→ PROBLEM TO WORK ON
Nothing but the records, copied exactly and stripped of pictures, should be in the answer.

Start of DATA

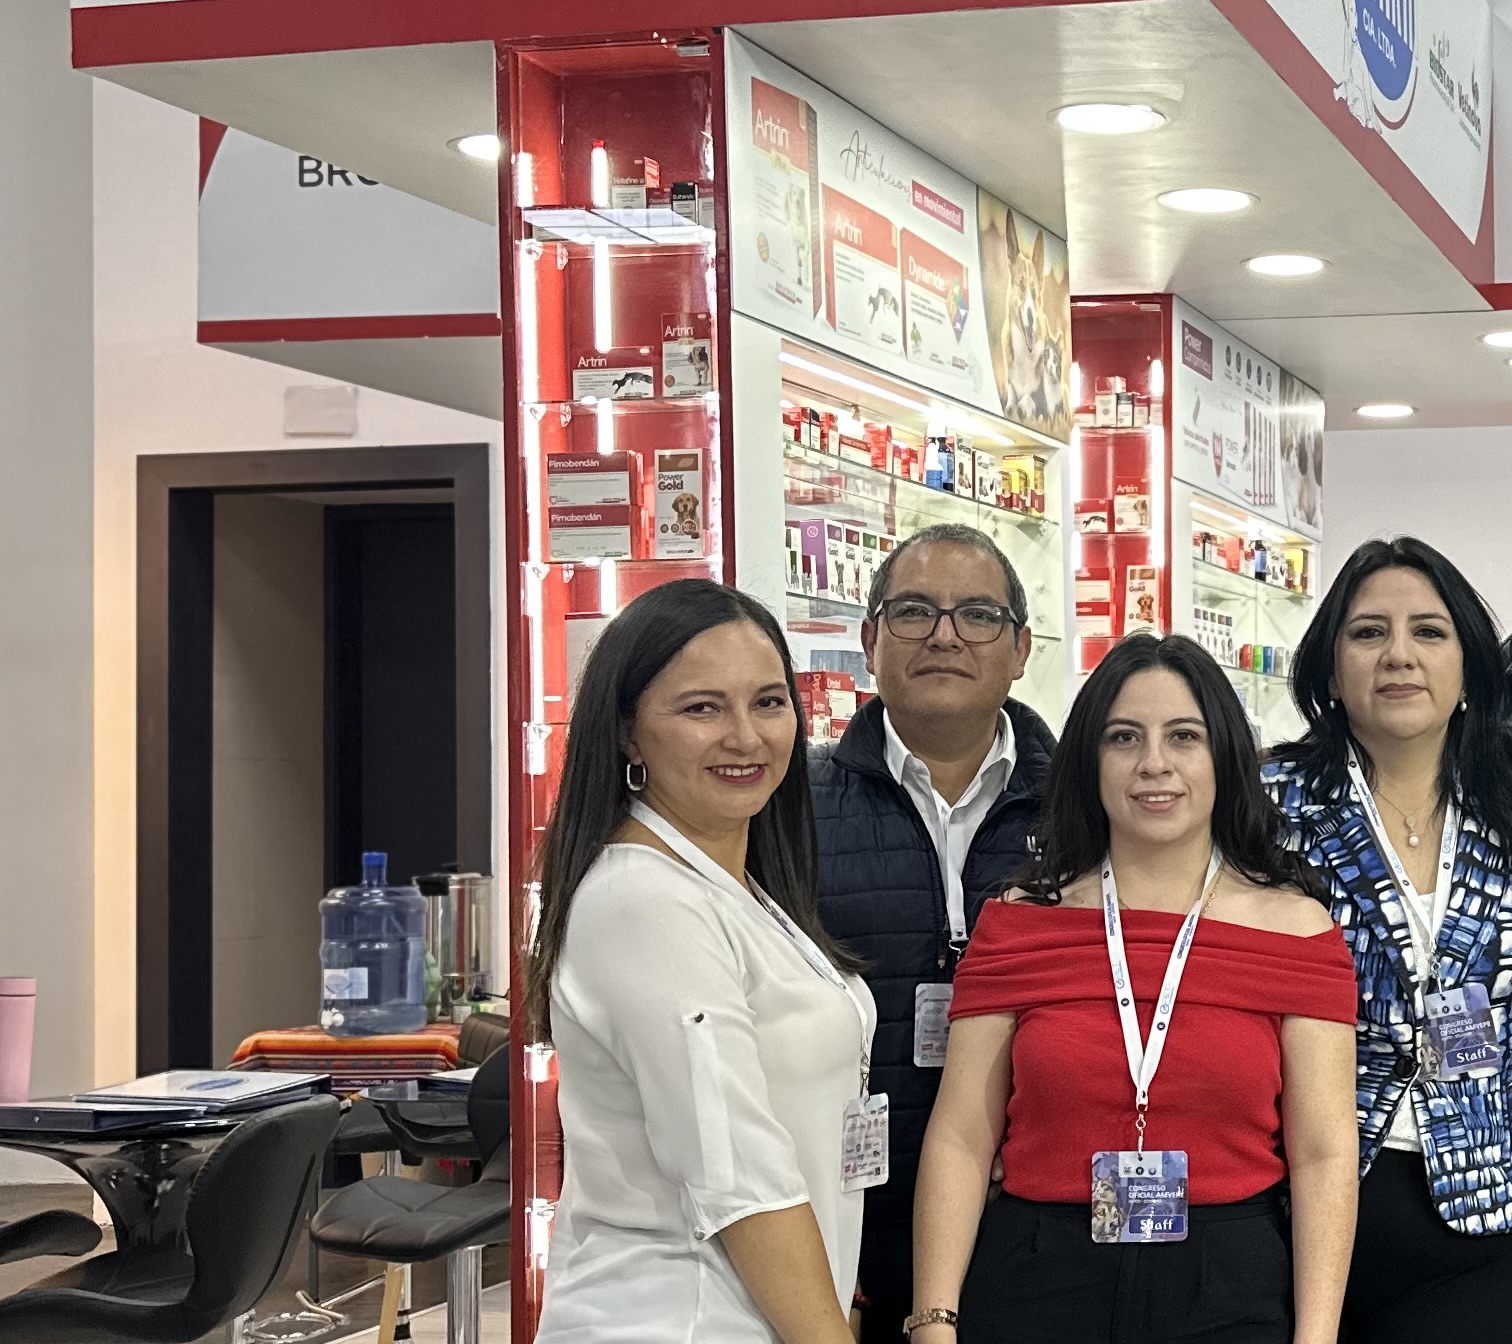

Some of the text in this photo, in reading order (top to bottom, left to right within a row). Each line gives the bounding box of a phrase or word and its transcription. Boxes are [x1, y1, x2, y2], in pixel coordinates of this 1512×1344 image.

[754, 109, 790, 150] Artrin
[834, 214, 863, 247] Artrin
[664, 325, 695, 338] Artrin
[577, 356, 608, 368] Artrin
[658, 481, 684, 491] Gold
[1456, 1047, 1487, 1063] Staff

End of DATA

→ OUTPUT OF THE TASK
Some of the text in this photo, in reading order (top to bottom, left to right within a row). Each line gives the bounding box of a phrase or word and its transcription. Boxes are [x1, y1, x2, y2], in pixel coordinates of this 1512×1344 image.

[754, 109, 790, 150] Artrin
[834, 214, 863, 247] Artrin
[664, 325, 695, 338] Artrin
[577, 356, 608, 368] Artrin
[658, 481, 684, 491] Gold
[1456, 1047, 1487, 1063] Staff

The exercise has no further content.